KMK Law Management Rights Blog

I have been following a case concerning an employer’s obligation to protect employee data that has now come to a conclusion with two Ninth Circuit decisions.  Krottner et al. v. Starbucks arose from the 2008 theft of a laptop that contained the unencrypted names, addresses, and Social Security Numbers of approximately 97,000 Starbucks employees.  On November 19, 2008, Starbucks sent a letter to affected employees alerting them to the theft and stating that Starbucks had “no indication that the private information has been misused.”  Nonetheless, the letter continued:

As a precaution, we ask that you monitor your financial accounts carefully for suspicious activity and take appropriate steps to protect yourself against potential identity theft. To assist you in protecting this effort [sic], Starbucks has partnered with Equifax to offer, at no cost to you, credit watch services for the next year.

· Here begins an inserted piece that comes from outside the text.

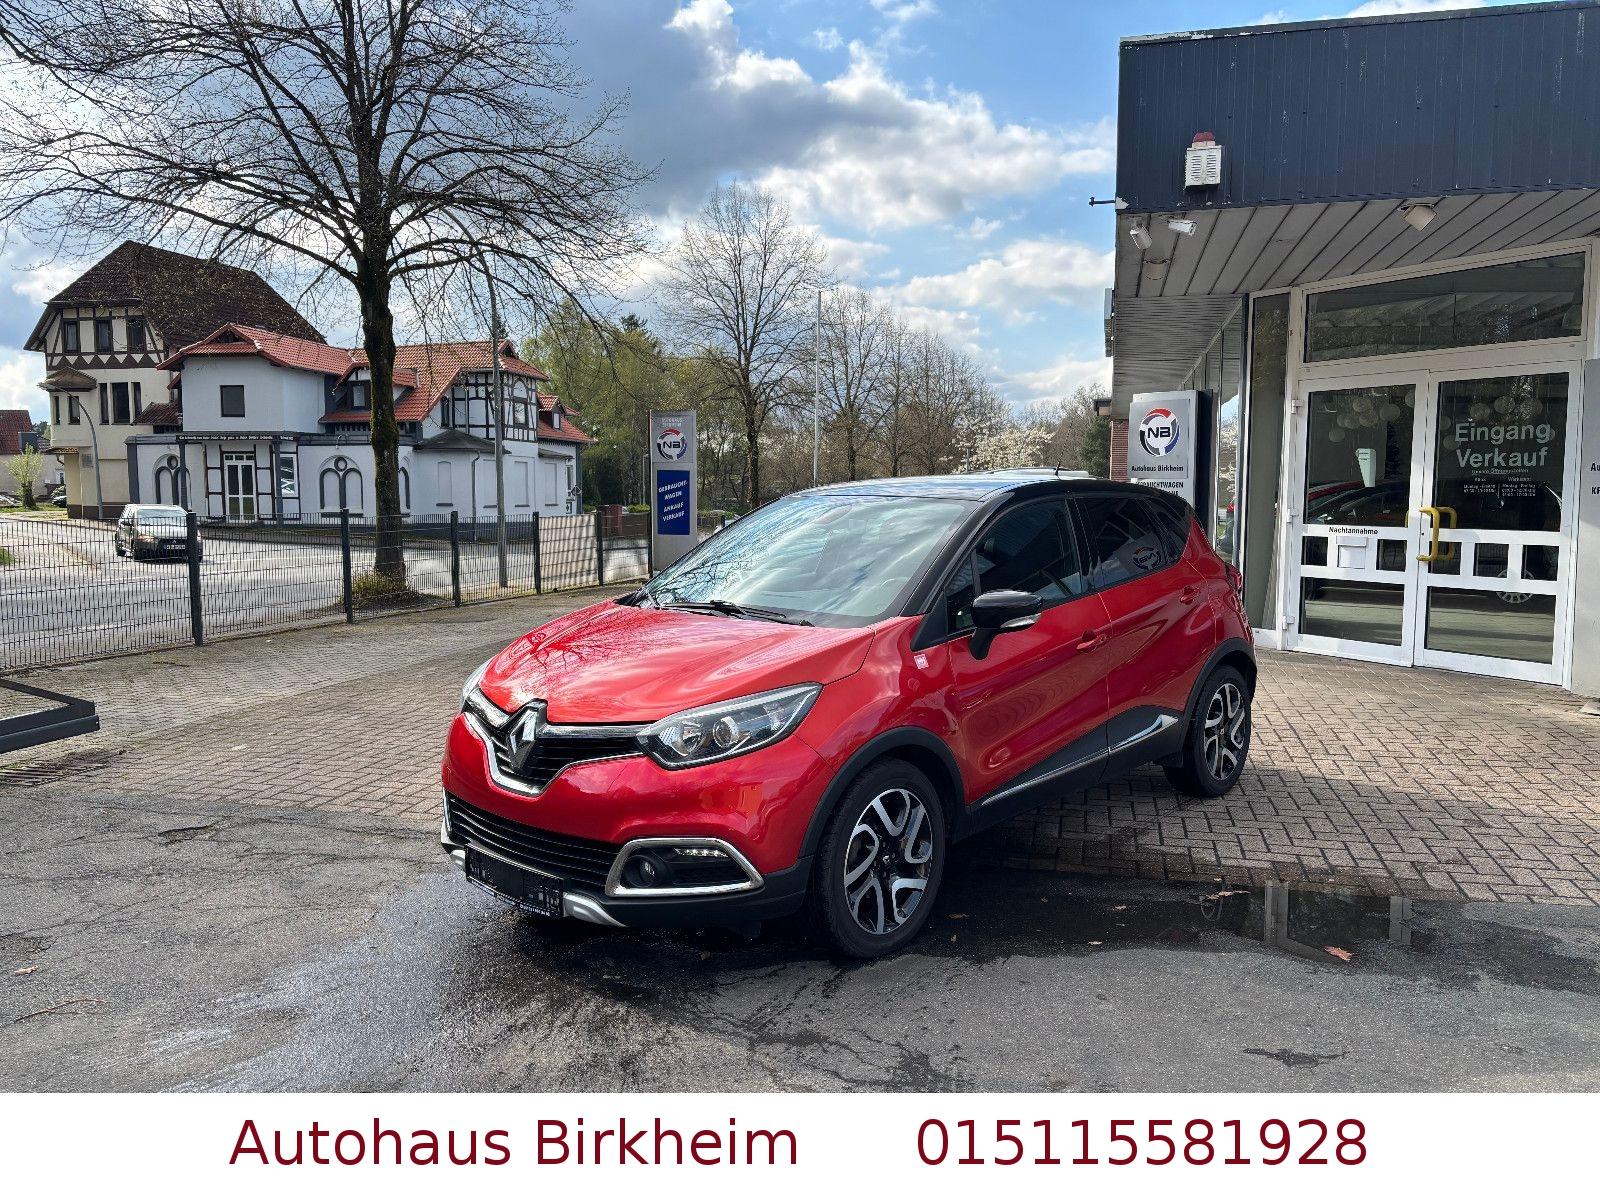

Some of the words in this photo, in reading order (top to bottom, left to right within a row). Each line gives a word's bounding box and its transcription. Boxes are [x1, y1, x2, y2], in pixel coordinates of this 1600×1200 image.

[1147, 426, 1171, 438] NB
[1455, 423, 1551, 445] Eingang
[1456, 447, 1549, 468] Verkauf
[1328, 526, 1378, 535] Nachtannahme

This situation resulted in the filing of two nearly identical putative class action complaints against Starbucks, alleging negligence and breach of implied contract.  On August 14, 2009, the district court granted Starbucks's motion to dismiss, holding that the Plaintiffs had standing under Article III but had failed to allege a cognizable injury under Washington law.  The Ninth Circuit issued two separate opinions, one for publication and one not for publication, that affirmed the lower court’s ruling.  The opinion for publication dealt with the standing issue.  In analyzing the issue the Court applied a four-part test for standing: (1) an “injury in fact” that is (a) concrete and particularized and (b) actual or imminent, not conjectural or hypothetical; (2) the injury is fairly traceable to the challenged action of the defendant; and (3) it is likely, as opposed to merely speculative, that the injury will be redressed by a favorable decision.  It was undisputed that the second and third parts of the test had been met.  In analyzing the first prong, the Court noted that one of the Plaintiff’s alleged injuries were “generalized anxiety and stress,” which was sufficient to confer standing.  The other Plaintiff’s allegations concerned their increased risk of future identity theft.  After considering the decisions of several other courts, the Ninth Circuit concluded that if a plaintiff faces “a credible threat of harm,” and that harm is “both real and immediate, not conjectural or hypothetical,” the plaintiff has met the injury-in-fact requirement for standing under Article III.  Thus, the Plaintiff’s had alleged a credible threat of real and immediate harm stemming from the theft of a laptop containing their unencrypted personal data.   The court noted that if the allegations had been more conjectural or hypothetical — for example, if no laptop had been stolen, and Plaintiffs had sued based on the risk that it would be stolen at some point in the future — it would have found the threat far less credible. 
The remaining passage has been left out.